Y a-t-il quelque chose que vous avez appris en travaillant sur Trinkets que vous allez maintenant reporter sur d’autres émissions ?

Totalement. Donc, Trinkets était unique car nous avons pu le mixer en Dolby Atmos. En règle générale, Dolby Atmos est réservé à Blade Runner ou à Terminator Salvation – vous connaissez ces grands films avec des drones volant au-dessus. Et c’était vraiment cool de mixer en Dolby Atmos sur Trinkets parce que, vous savez, du point de vue des étrangers, le spectacle est une promenade et une conversation de base – vous savez, il y a des scènes où les trois filles principales se réunissent et parlent et il y a de la musique moments – mais beaucoup de Dolby Atmos brille dans son utilisation de subtilités, vous pouvez donc utiliser les haut-parleurs au plafond pour des éléments de conception ou pour la réverbération musicale. La scène d’ouverture, après le set d’ouverture avec Elodie, on va dans un commissariat et la réverb sur les voix des personnages est mixée avec du Dolby Atmos, j’ai donc mis la réverb et les canaux aigus au plafond pour que ça les fasse On dirait qu’ils sont confinés dans cette cellule de détention où ils sont grillés par ces policiers sur l’emplacement de leur ami. De petites subtilités comme ça, vous savez, mettre des oiseaux dans les canaux aériens, ou s’il y a un moment de conception qui appelle à faire voler quelque chose dans les haut-parleurs aériens, tout cela se prête vraiment au médium. J’ai déjà mixé sur Dolby Atmos, mais pas beaucoup, donc me mouiller les pieds en travaillant sur Dolby Atmos était vraiment cool.

Je dois vous poser des questions sur votre expérience de travail sur Moonlight. Comment était-ce et avez-vous été surpris par la réaction critique que le film a reçue ?

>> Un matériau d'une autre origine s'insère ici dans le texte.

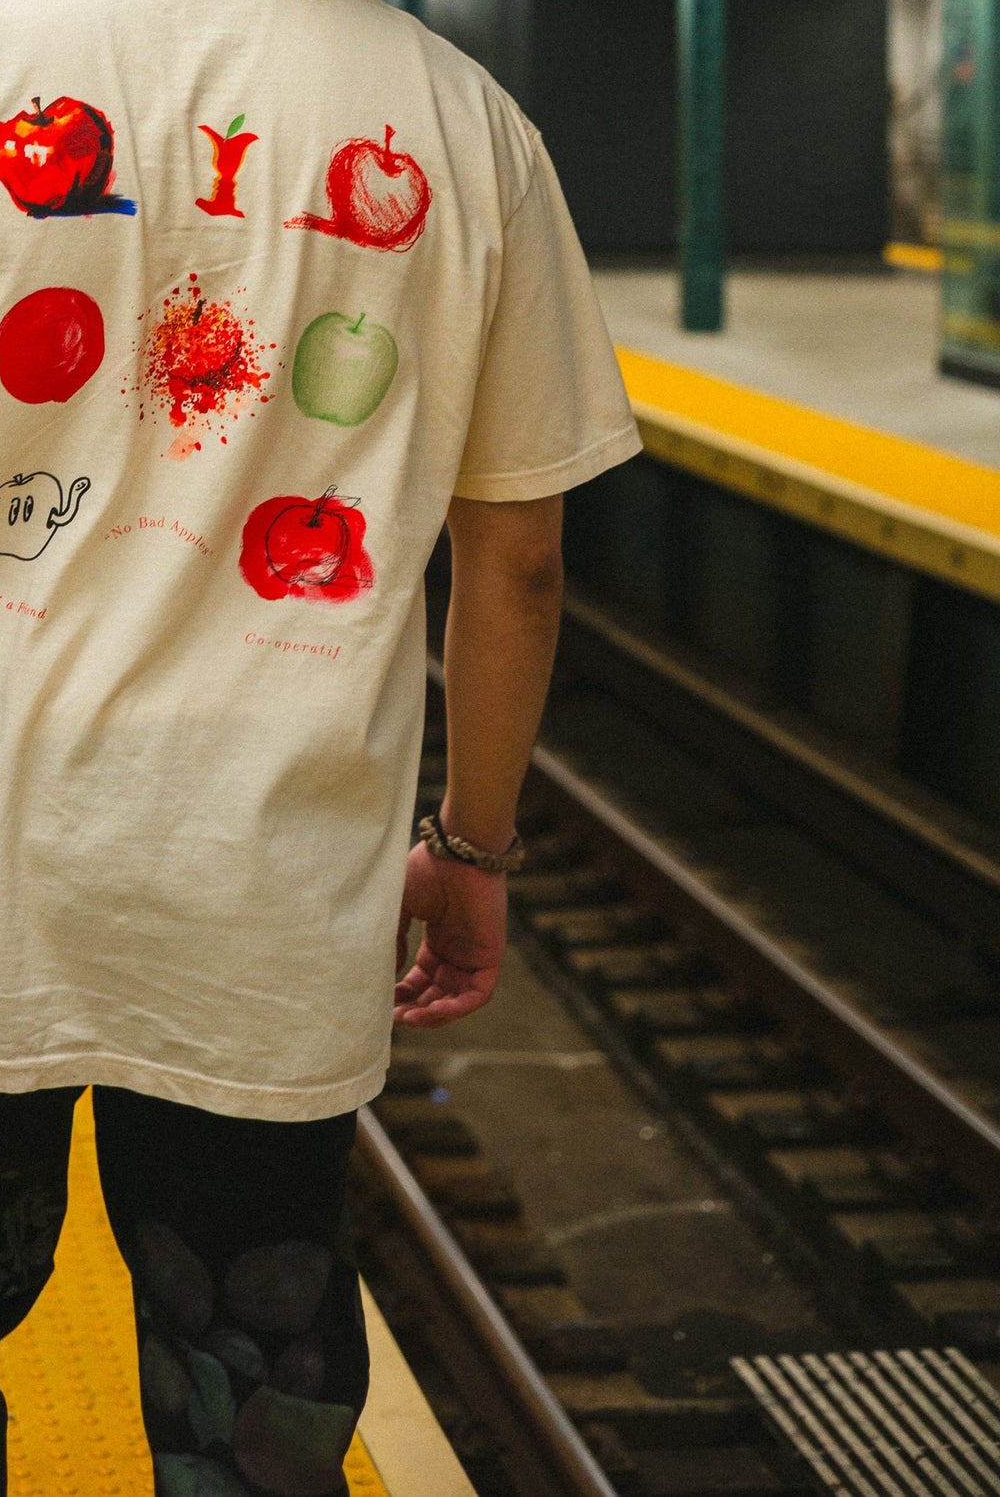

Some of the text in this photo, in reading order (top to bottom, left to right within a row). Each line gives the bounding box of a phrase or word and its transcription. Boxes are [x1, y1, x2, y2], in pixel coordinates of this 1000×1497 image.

[138, 515, 165, 529] Bad
[6, 601, 13, 610] a
[244, 632, 342, 660] Co-operatif

Non, c’était drôle… en gros, quand nous recevions des bobines pour le film, vous saviez tout de suite que c’était quelque chose de spécial. L’histoire est si puissante que vous pouvez presque – et je ne devrais pas dire cela – la regarder sans le son raffiné et cela aurait été tout aussi puissant. Barry Jenkins était incroyablement articulé, d’après ce que j’ai entendu du monteur sonore superviseur, sur exactement ce qu’il voulait. Il n’a pas subi de nombreuses révisions d’image en termes de moment où il est arrivé à l’étape du mixage. Parfois, ce qui se passe, c’est que nous obtenons le chiffre d’affaires initial et nous aurons cinq bobines d’un film et pendant que vous mixez, ils disent : « Oh, nous avons fait quelques découpes de bobines dans la bobine 3 ou la bobine 5 », et nous avons coupé notre son pour s’adapter aux changements d’image. Parfois, ce sont des changements tardifs dans des scènes où ils resserrent le montage, mais [on Moonlight], des changements d’image très limités se produisaient sur la scène de mixage et c’était une histoire entièrement étoffée dès le saut. Ce fut un plaisir de travailler là-dessus.